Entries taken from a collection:
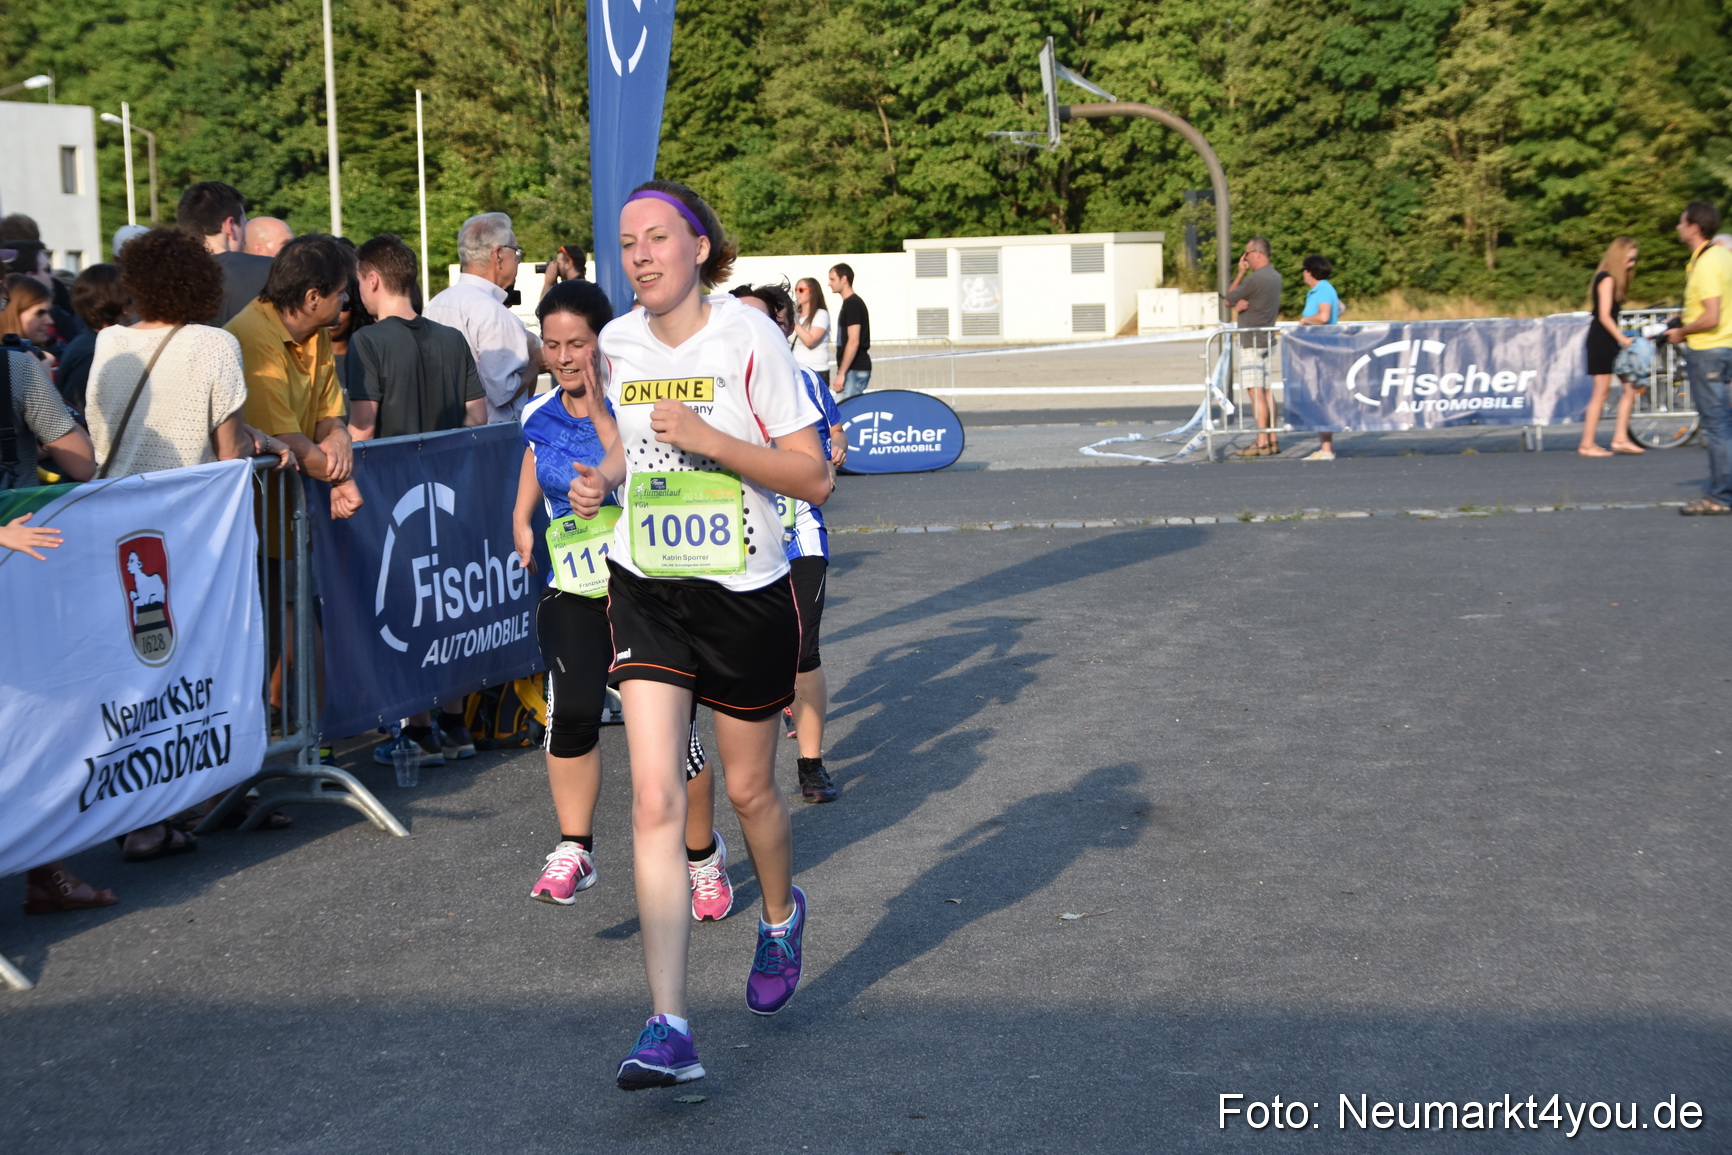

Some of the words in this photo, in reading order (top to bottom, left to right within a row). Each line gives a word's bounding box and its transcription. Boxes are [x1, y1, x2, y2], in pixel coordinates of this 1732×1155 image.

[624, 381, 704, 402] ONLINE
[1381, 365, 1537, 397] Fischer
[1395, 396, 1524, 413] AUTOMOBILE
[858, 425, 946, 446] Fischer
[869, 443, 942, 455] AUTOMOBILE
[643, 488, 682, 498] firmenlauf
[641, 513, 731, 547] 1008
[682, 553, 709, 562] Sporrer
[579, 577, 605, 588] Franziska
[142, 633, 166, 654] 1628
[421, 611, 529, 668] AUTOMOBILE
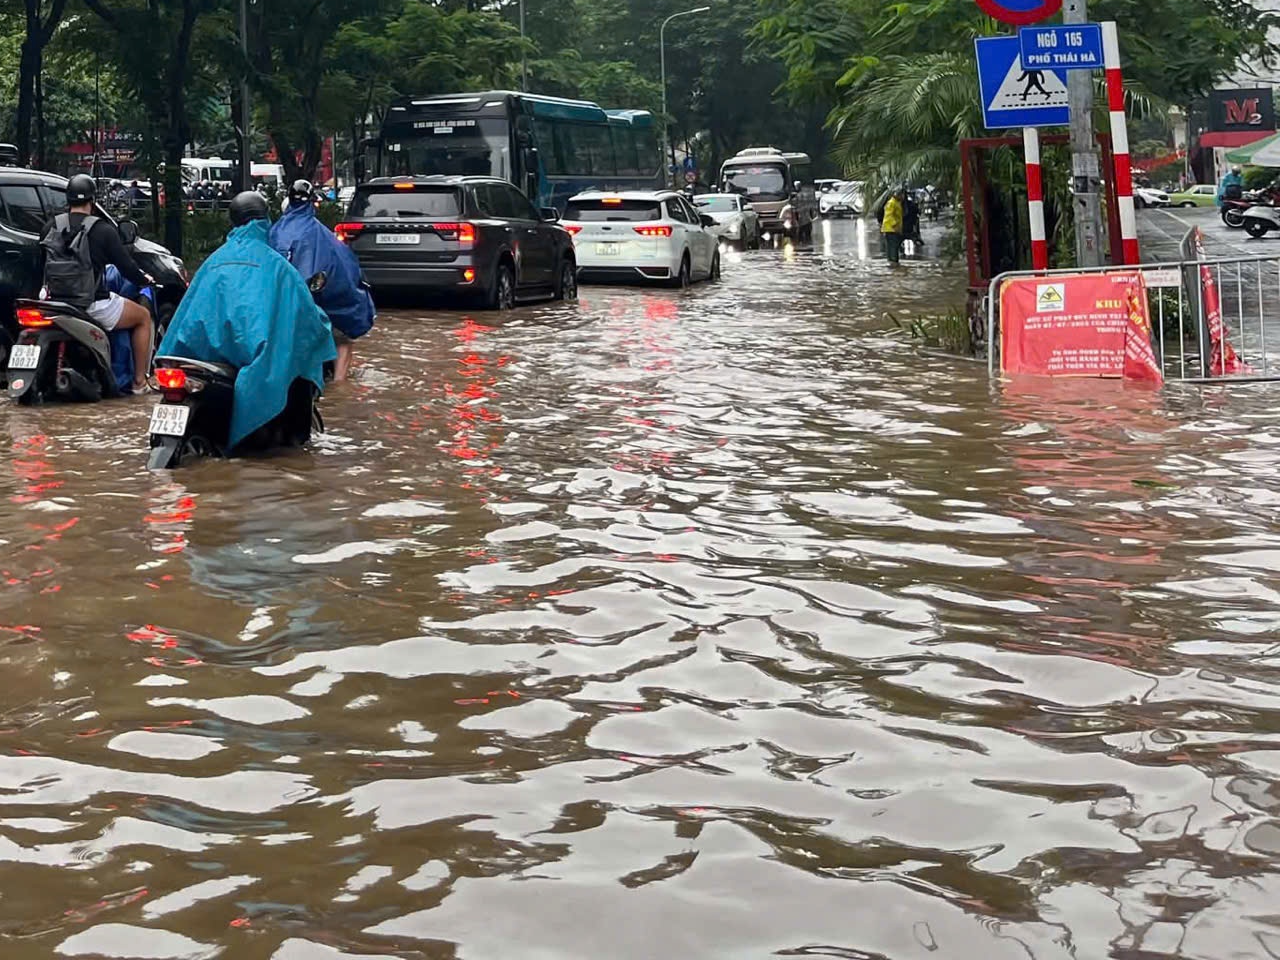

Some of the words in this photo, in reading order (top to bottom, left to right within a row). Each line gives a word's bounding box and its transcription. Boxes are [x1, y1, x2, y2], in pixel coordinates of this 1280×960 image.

■ Work to complete: Repeat the entries word for word and skip the pictures.

■ Task response:
Some of the words in this photo, in reading order (top to bottom, left to right within a row). Each line gives a word's bounding box and its transcription. Boxes are [x1, y1, x2, y2], in pixel coordinates of this 1732×1155 image.

[624, 381, 704, 402] ONLINE
[1381, 365, 1537, 397] Fischer
[1395, 396, 1524, 413] AUTOMOBILE
[858, 425, 946, 446] Fischer
[869, 443, 942, 455] AUTOMOBILE
[643, 488, 682, 498] firmenlauf
[641, 513, 731, 547] 1008
[682, 553, 709, 562] Sporrer
[579, 577, 605, 588] Franziska
[142, 633, 166, 654] 1628
[421, 611, 529, 668] AUTOMOBILE

Some of the words in this photo, in reading order (top to bottom, left to right within a row). Each line gives a word's bounding box and its transcription. Boxes are [x1, y1, x2, y2], in pixel coordinates of this 1280×960 image.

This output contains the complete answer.